Exercise objective: Exclude the images and transcribe the entries below precisely.

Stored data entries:
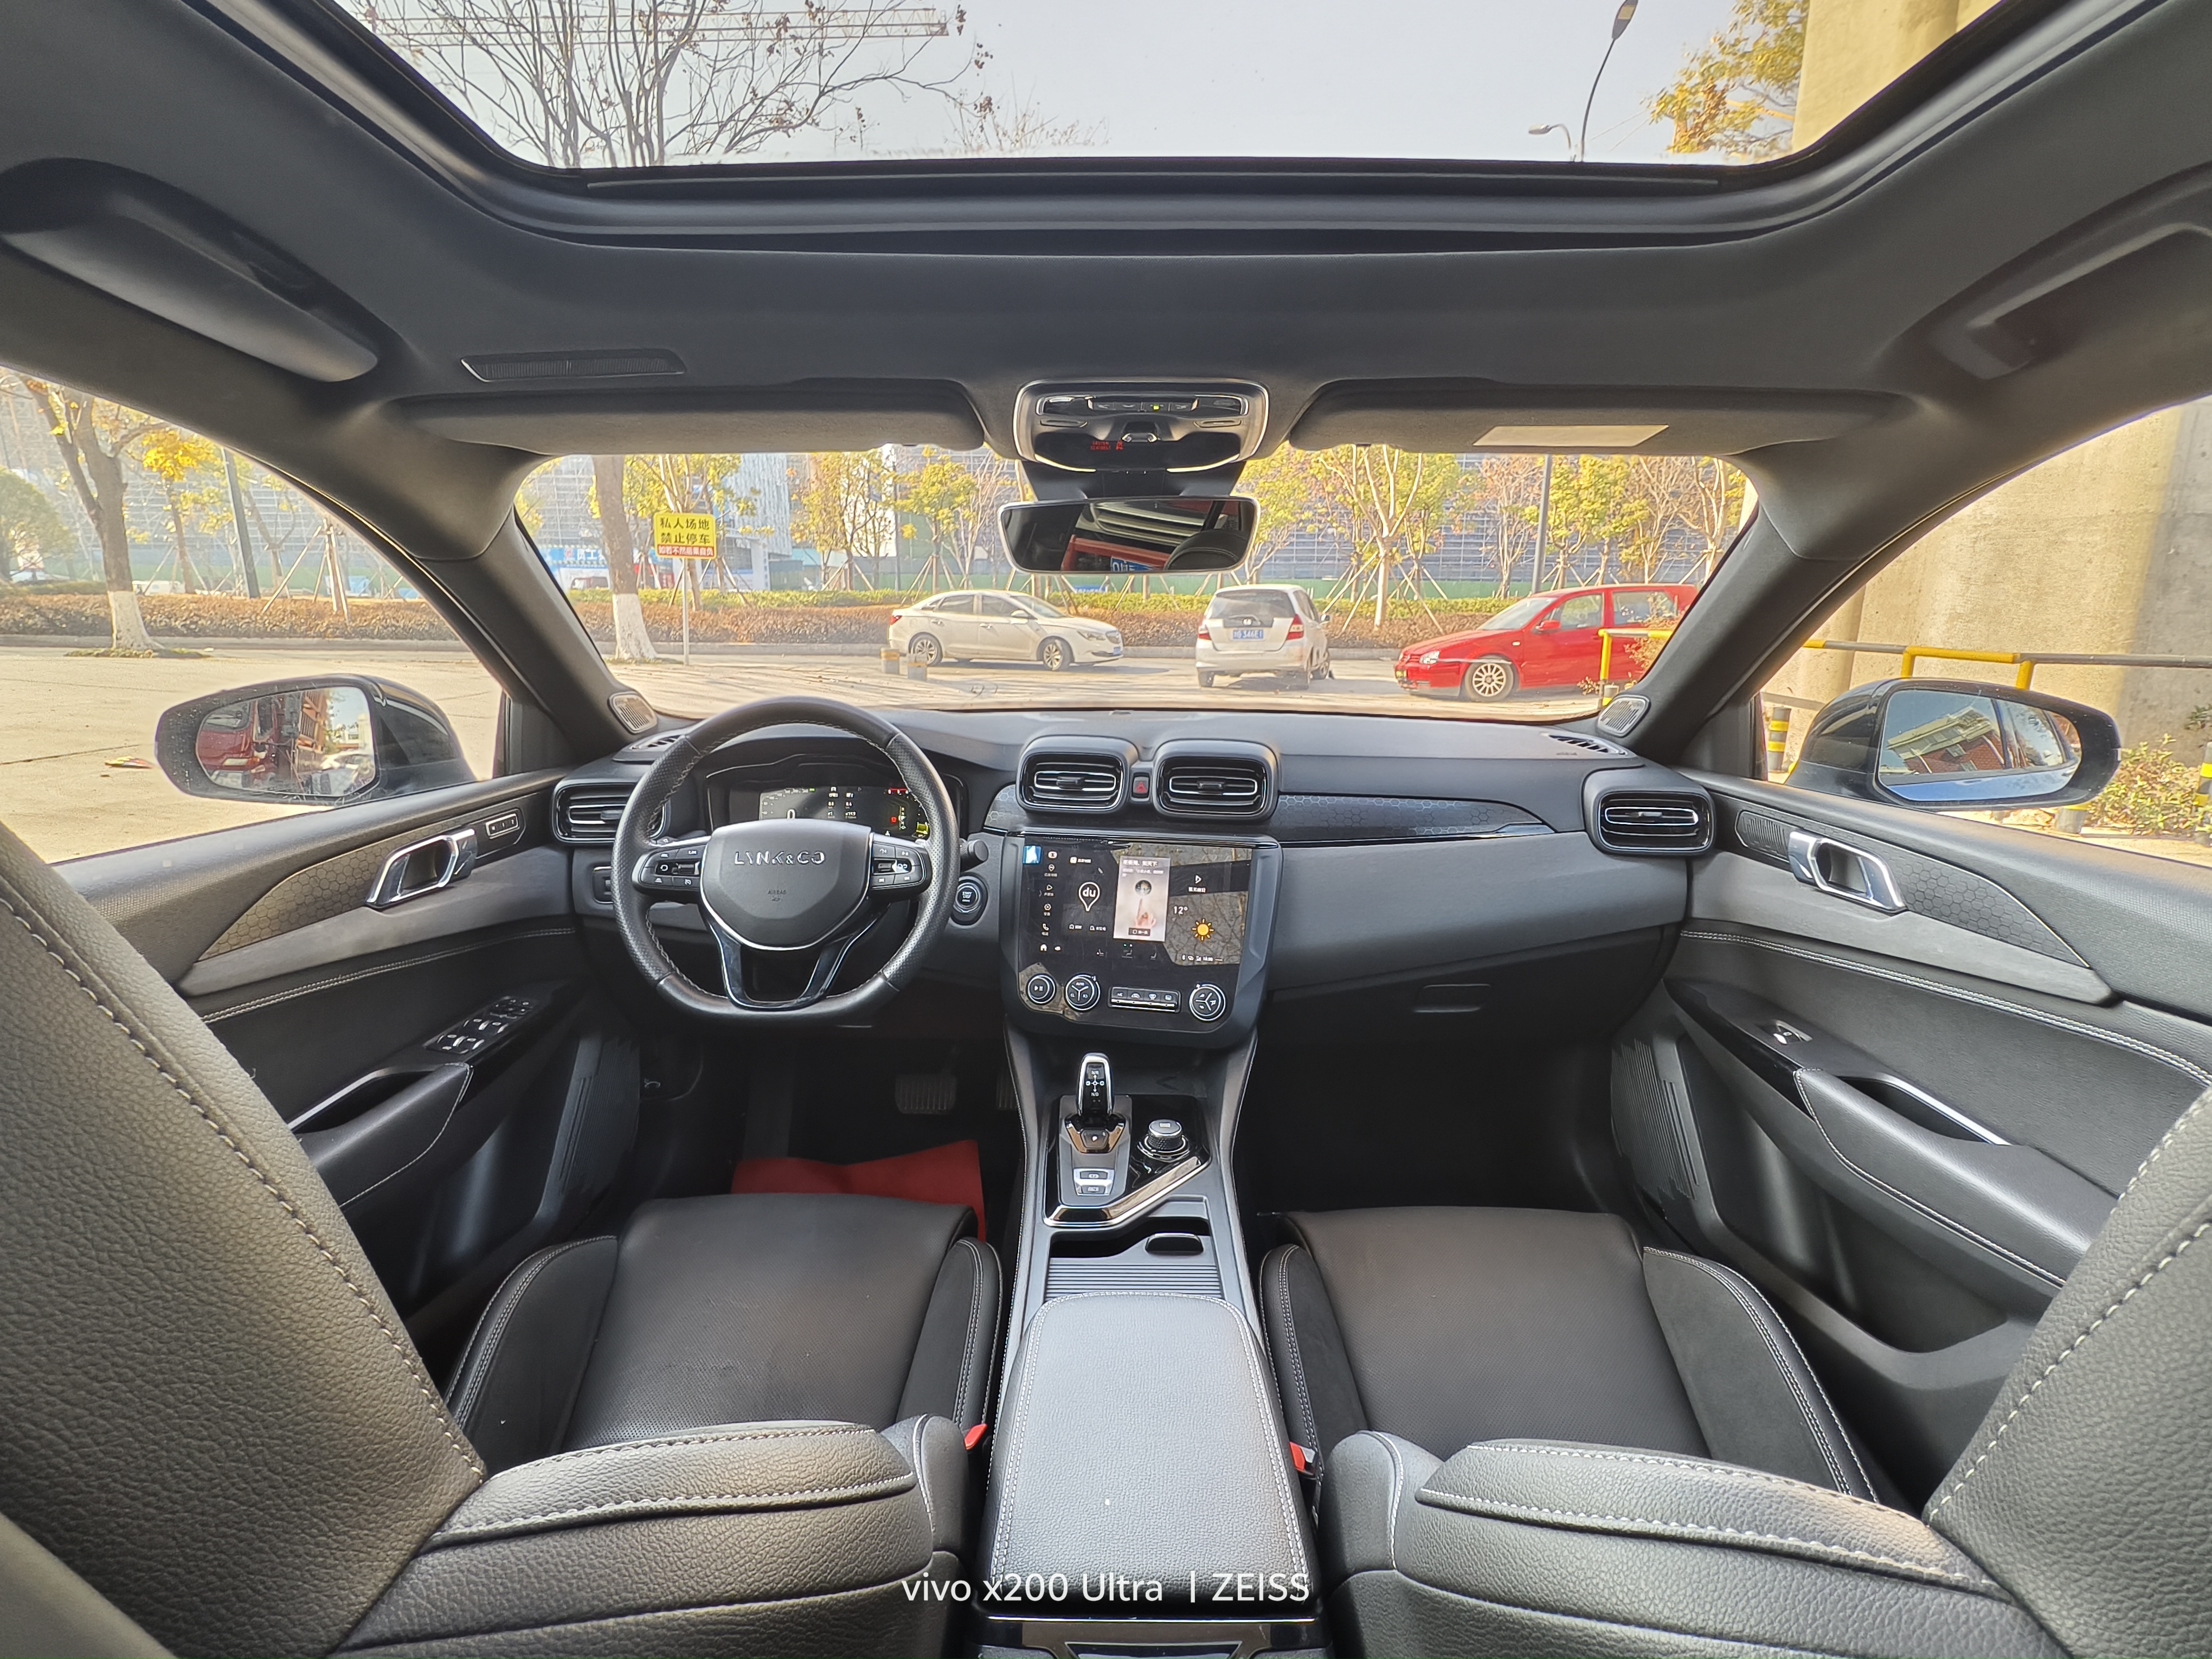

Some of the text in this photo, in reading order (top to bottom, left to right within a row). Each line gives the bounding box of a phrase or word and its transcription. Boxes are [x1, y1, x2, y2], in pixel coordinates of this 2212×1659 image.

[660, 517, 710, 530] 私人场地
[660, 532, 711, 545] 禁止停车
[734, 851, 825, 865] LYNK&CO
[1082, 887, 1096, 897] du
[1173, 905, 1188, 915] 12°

Problem solution:
Some of the text in this photo, in reading order (top to bottom, left to right within a row). Each line gives the bounding box of a phrase or word and its transcription. Boxes are [x1, y1, x2, y2], in pixel coordinates of this 2212×1659 image.

[660, 517, 710, 530] 私人场地
[660, 532, 711, 545] 禁止停车
[734, 851, 825, 865] LYNK&CO
[1082, 887, 1096, 897] du
[1173, 905, 1188, 915] 12°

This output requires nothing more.